O núcleo basilar de princípios especiais do direito do Trabalho (ou do direito Individual do Trabalho) concentra as diretrizes gerais que melhor expressam os objetivos teleológicos desse ramo jurídico especializado e que maior abrangência têm no interior de sua estrutura e dinâmica normativas e de relações jurídicas.

Esse núcleo basilar não esgota, porém, obviamente, todo o rol de princípios especiais característicos do direito do Trabalho. há, de fato, outros princípios especiais desse segmento particularizado do direito que são importantes, é claro, embora não tendo a essencialidade e abrangência típicas dos princípios integrantes do que chamamos núcleo basilar.

Esses princípios específicos adicionais do ramo justrabalhista são os seguintes: princípio da despersonalização do empregador, princípio da alteri-dade (ou da assunção dos riscos); princípio da irretroatividade das nulidades; princípio da aderência contratual (e seu corolário, princípio da ultratividade das normas trabalhistas).

Neste estudo dos demais princípios específicos do direito do Trabalho (ou direito individual, como visto), há que se destacar, por fim, a referência a duas diretrizes bastante controvertidas.

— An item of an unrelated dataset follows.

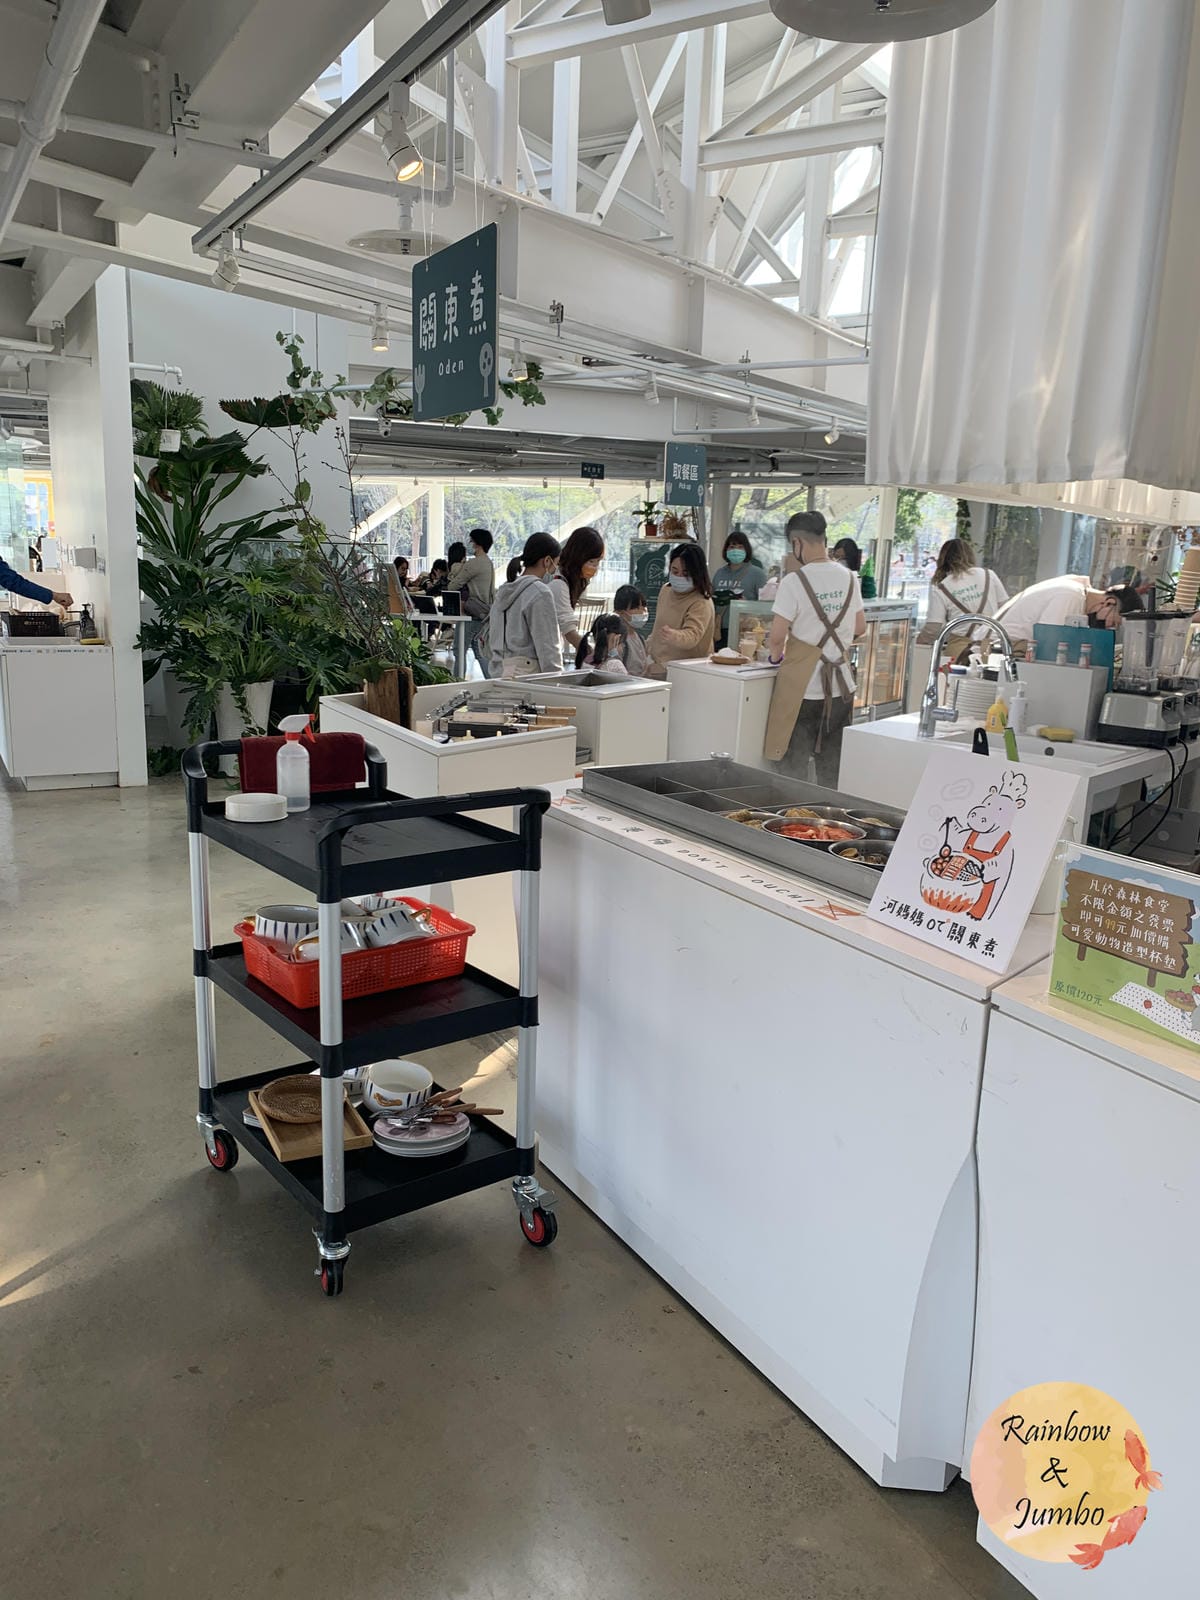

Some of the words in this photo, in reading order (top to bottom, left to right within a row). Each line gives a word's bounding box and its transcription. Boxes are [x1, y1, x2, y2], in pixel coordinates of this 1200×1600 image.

Trata-se, de um lado, da proposição enunciada pela expressão latina in dubio pro operario — altamente controvertida, pelo menos enquanto princípio supostamente aplicável à avaliação da prova no processo judicial (avaliação dos fatos, portanto). de outro lado, existe, ainda, a diretriz alcunhada de maior rendimento. esses dois princípios, como já sugerido, têm seu significado e conteúdo, sua abrangência e até mesmo sua própria validade enquanto princípios largamente debatidos no plano da doutrina e jurisprudência trabalhistas.

Após a análise dos demais princípios especiais acima indicados, será retomado, neste capítulo, o estudo dos dois princípios controvertidos aqui expostos.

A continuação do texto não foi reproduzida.